Pitting Cowboys against Monsters isn’t exactly a novel concept for a video game, but the mash-up is offbeat enough to make something unique out of it. However Blood West decides to essentially forgo any storytelling beyond the most basic setup and loose quest structure. You play as a Cowboy freshly resurrected, despite the best efforts of a Native American Shaman, in a region of the frontier where evil spirits have run rampant and turned nearly everyone into twisted monstrosities. The spirits that revived you have done so with the express purpose of using you to find the source of this evil and destroy it, which is about the limit the game is willing to go in delivering a story.
While there isn’t a lot in that premise, there was still plenty of potential to build on that Blood West almost seems to intentionally ignore. The opening cutscene, narrated by the same Native Shaman, mentions the corruption of the white man coming to this land, bringing with them greed, temptation, and debauchery. A Shaman chooses to take one of these dead white men — an invader and defiler of that land — and attempts to bury him under his tribe’s tradition to save his soul from reanimating. So much could be unpacked here, and all the dominoes were set up, and yet neither the plot nor the cast of characters seems interested in exploring any part of it. The characters you interact with the most are the spirits directing you and your missions. However, they hardly speak about anything other than directing you to whatever McGuffin they sent you to find, or when you need to know where the next one is. Oh, and there’s one more person who talks: your main character spouting one-liners that made my eyes roll so hard I could see my own brain shrinking.
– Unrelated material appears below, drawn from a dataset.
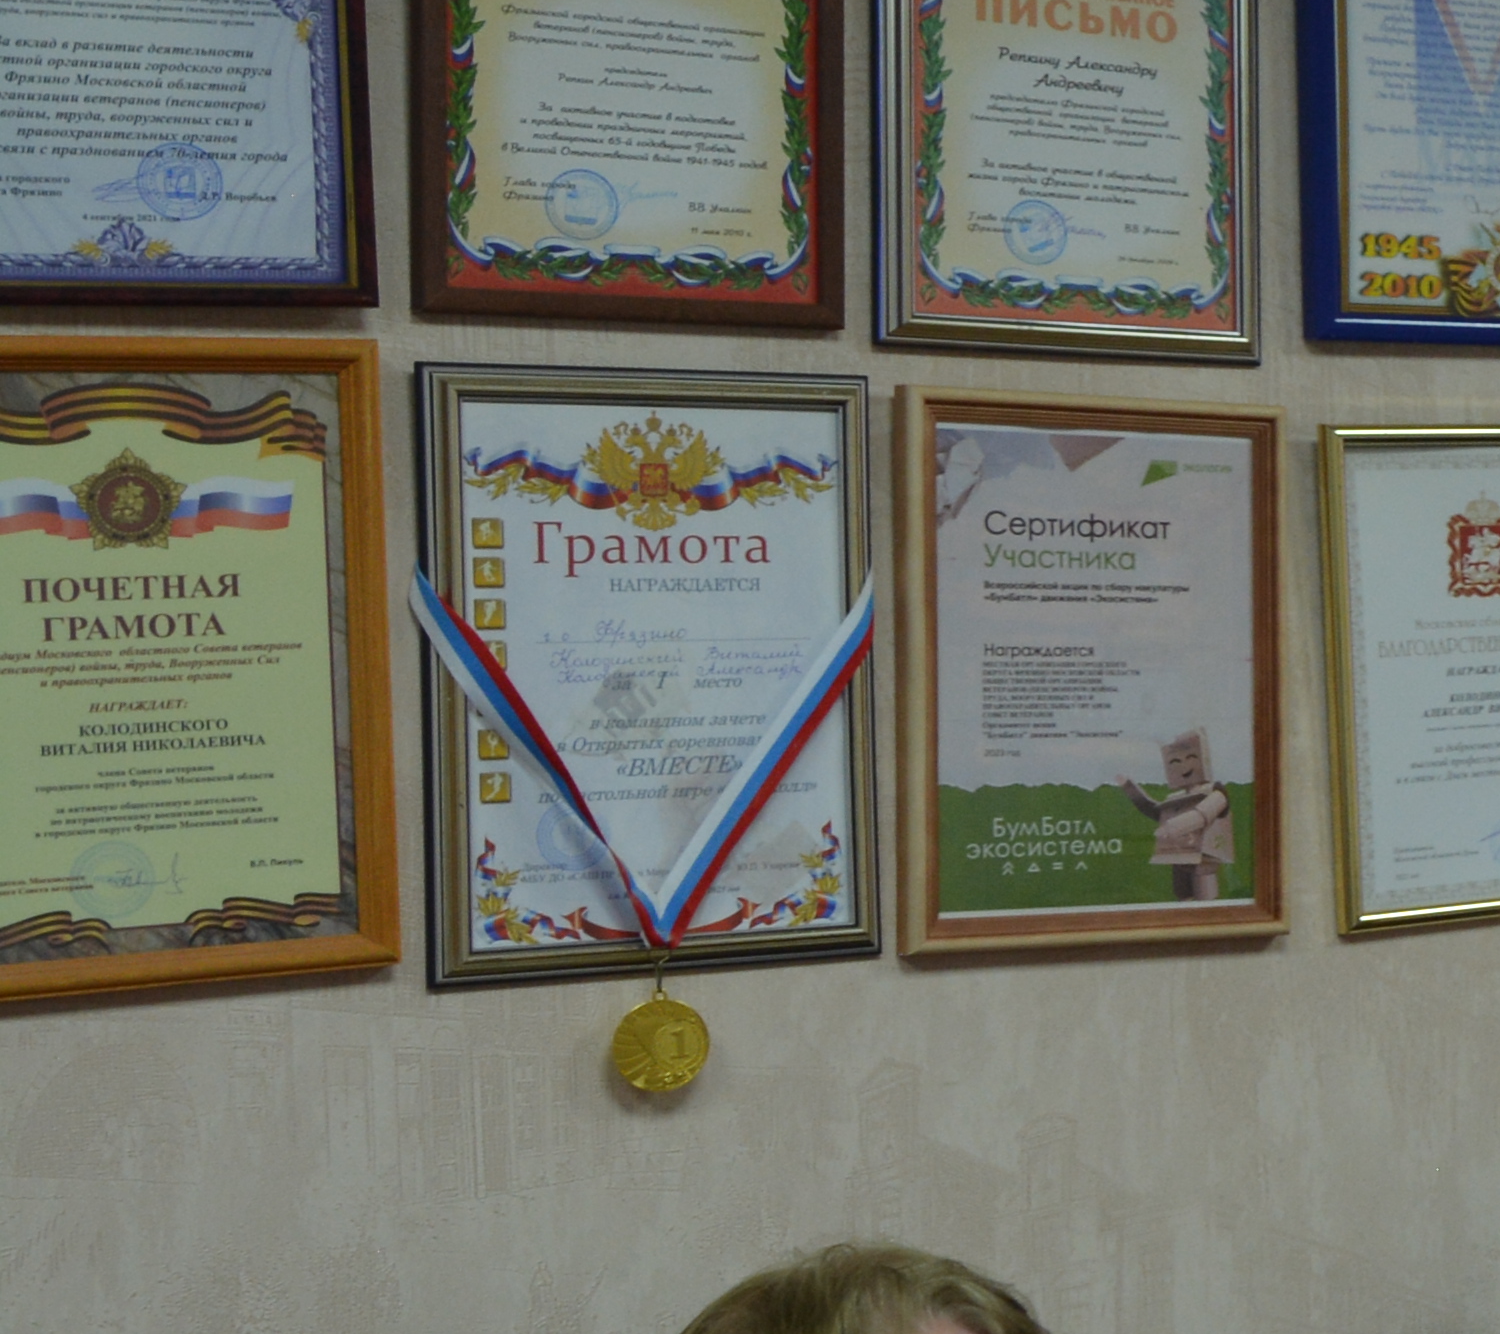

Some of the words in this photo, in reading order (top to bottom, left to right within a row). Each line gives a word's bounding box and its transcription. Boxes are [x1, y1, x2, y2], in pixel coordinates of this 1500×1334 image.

Blood West giving you shorn threads of a story about colonization, magic, and the Native American people and their culture is a spectacular fumble as is. Yet the gameplay and design proves to be equally as disappointing.
Firing blanks

You are not, nor will ever, feel strong in Blood West. On its face, that isn’t an issue. The game seems to want you to use stealth and creative routes to carefully avoid or engage isolated enemies when the moment is right. The problem lies in that you are essentially an immersive-sim character who occasionally wanders into a Doom level. Random encounters in the hub are generally fair, with interspersed patrols you can plan and systematically dismantle. Core locations, especially quest areas, are not. These areas can be packed with 5 or more enemies all in constant eyesight of one another. And when you do get spotted or heard, there’s little recourse but to run.
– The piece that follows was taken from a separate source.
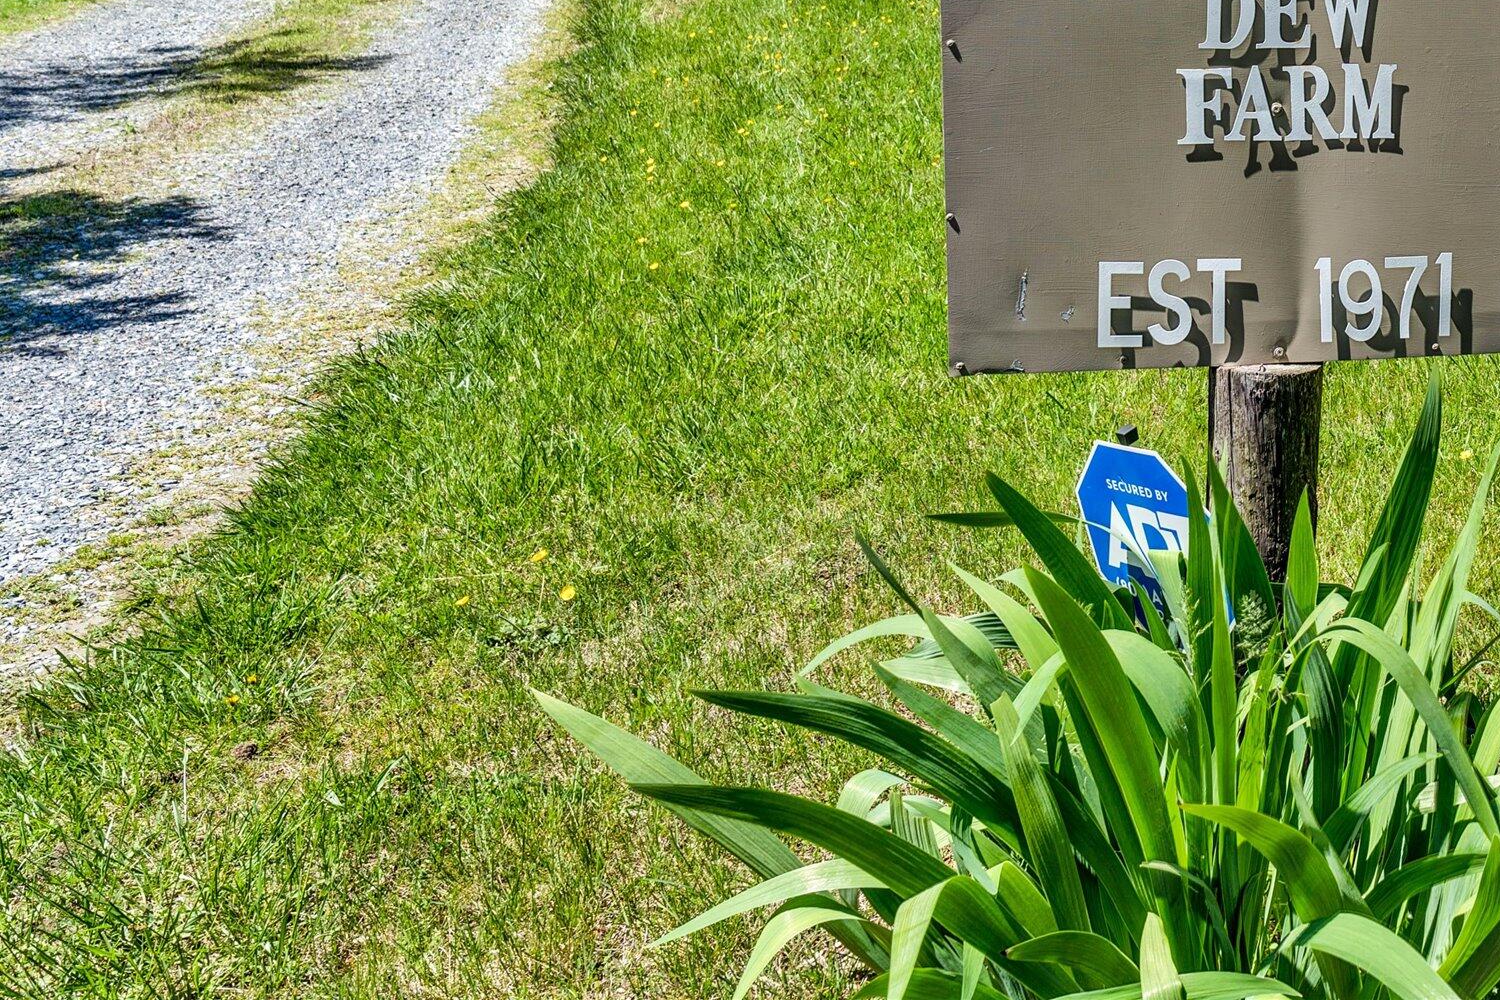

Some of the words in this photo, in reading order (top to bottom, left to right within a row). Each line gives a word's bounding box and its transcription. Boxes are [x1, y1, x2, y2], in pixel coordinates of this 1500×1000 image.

Despite having all the iconic weapons of the era you would hope to see — revolvers, shotguns, rifles, bows. etc. — nothing makes open combat feel enjoyable. There’s no viable strategy in “going loud.” Even two or three enemies rushing you will feel overwhelming. The problem is that your guns are as weak as they feel, and the lack of enemy reaction or feedback to getting shot will have you wondering if your guns are loaded with blanks. Melee weapons don’t fare much better. Stealth hits are decent simply because they typically are single-hit kills, but trying to space and time your swings on an aggroed monster will, at best, result in trading blows. When you die in about three hits from basic enemies, that’s a recipe for frustration.
When you do die, getting sent back to your resting spot is a minor annoyance. Getting hit with a curse that gets stronger with each death is borderline sadistic. Curses can drop your max HP, Stamina, or give you some other debilitating disadvantage and can only be cured by purchasing an expensive item from a vendor or waiting until you’ve died three times, the curse getting worse with each death, and then completing a task for the spirit totem to remove it. But wait, it can get worse. I didn’t mess around to find out just how far it would go, but you’re not capped at one curse. Die a fourth time and a second curse is stacked on you.
Poor management

Between your grueling attempts at completing whatever fetch quest you’re on, you will be managing your inventory and levels, which is a chore all on its own.
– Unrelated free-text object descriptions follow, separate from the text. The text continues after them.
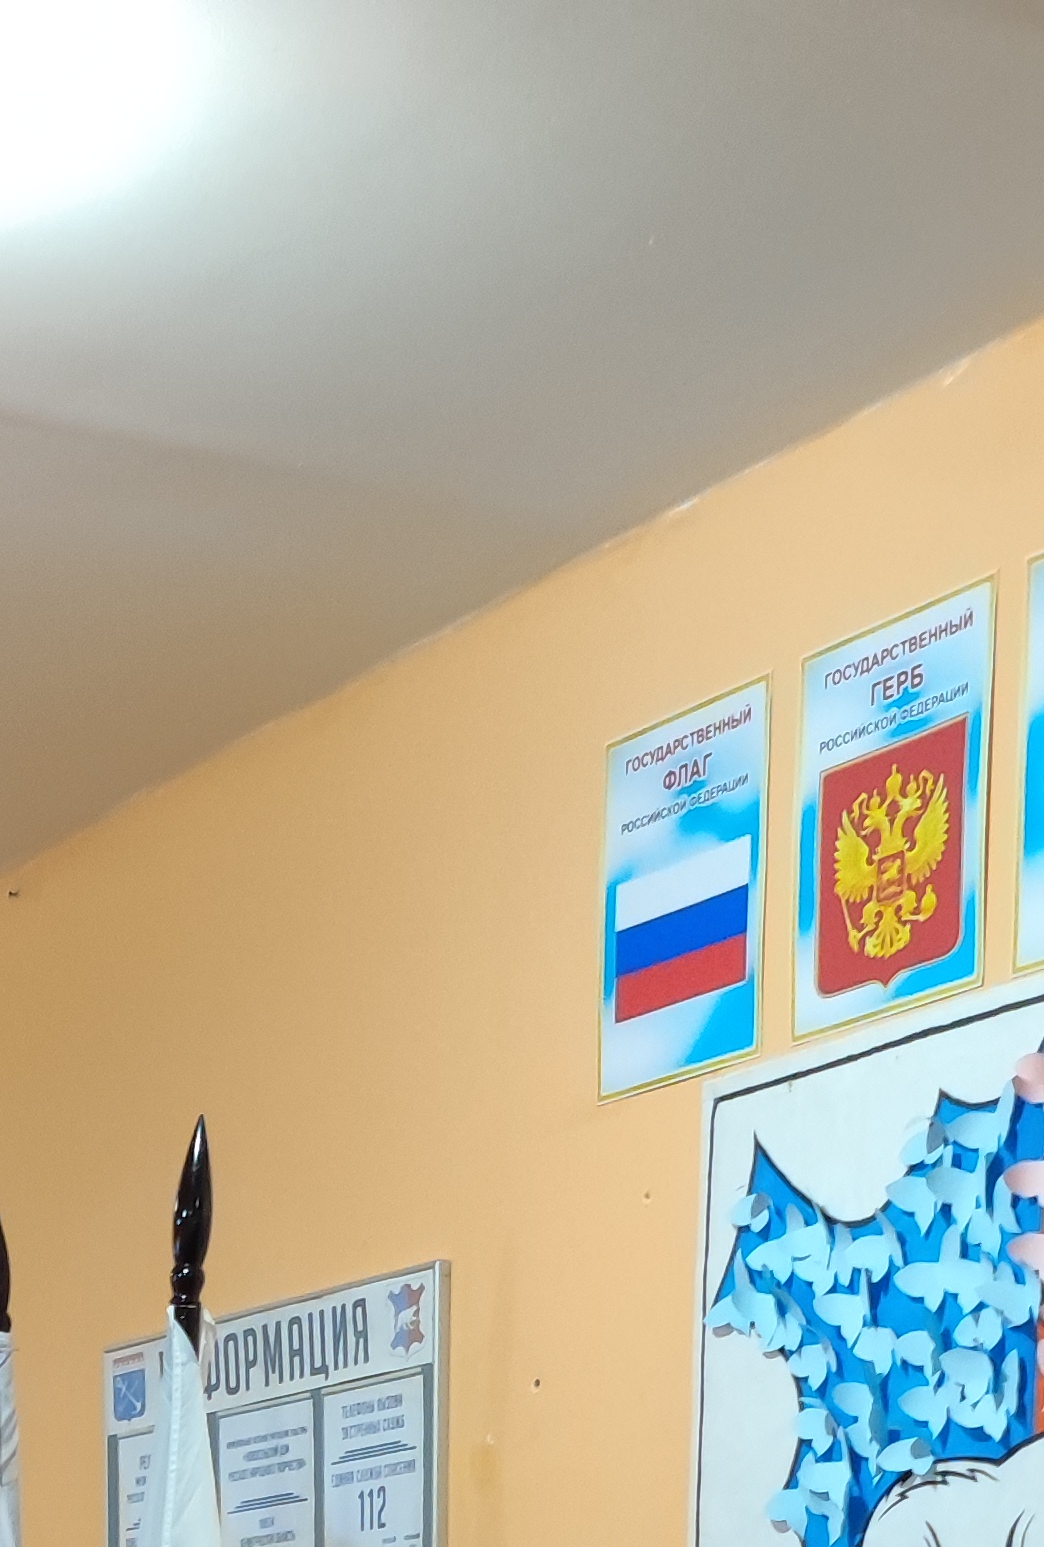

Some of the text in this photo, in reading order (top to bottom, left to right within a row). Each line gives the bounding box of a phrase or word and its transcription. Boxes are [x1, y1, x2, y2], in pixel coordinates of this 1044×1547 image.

[824, 607, 974, 690] ГОСУДАРСТВЕННЫЙ
[819, 682, 969, 754] РОССИЙСКОЙ ФЕДЕРАЦИИ
[870, 663, 924, 707] ГЕРБ
[625, 703, 752, 776] ГОСУДАРСТВЕННЫЙ
[662, 751, 713, 790] ФЛАГ
[158, 1297, 371, 1402] ФОРМАЦИЯ
[358, 1485, 386, 1532] 112
For gear, you have a typical grid-based system where everything you hold takes up a different amount of squares to limit how much you can carry in reserve. It’s simple and unobtrusive, but it does get tiring to loot such low-value items from monsters just to fill up your space to sell off later. I eventually stopped bothering with looting enemies for the most part after realizing there wasn’t much I could buy that actually improved my experience with the core systems.
There’s a big list of skills you are given to invest your points into upon leveling, however, I would be generous in saying half of them were even worth considering. Most are so situational that I wonder why anyone would invest in them unless doing a very specific type of run. The “good” ones that remain aren’t so much about making you more powerful but feel more like requirements to get your character up to a somewhat competent fighter. You are so underpowered at the start that it took multiple levels before I reached a level that seemed like a good starting point.
Move on to greener pastures
Blood West is as conflicted as its themes. The monsters, weapons, and level design would feel right at home in a Doom or even classic Turok game but lacks satisfying gameplay and gives you an underpowered main character that makes playing the game feel more like an exercise in exploiting the design than fully engaging with it. The story plays it too safe by refusing to engage with the most prominent themes of its own premise and falls back on tedious quests with little to no motivation to complete them. It is a criminal clash of design and mechanics that would be better off forgotten.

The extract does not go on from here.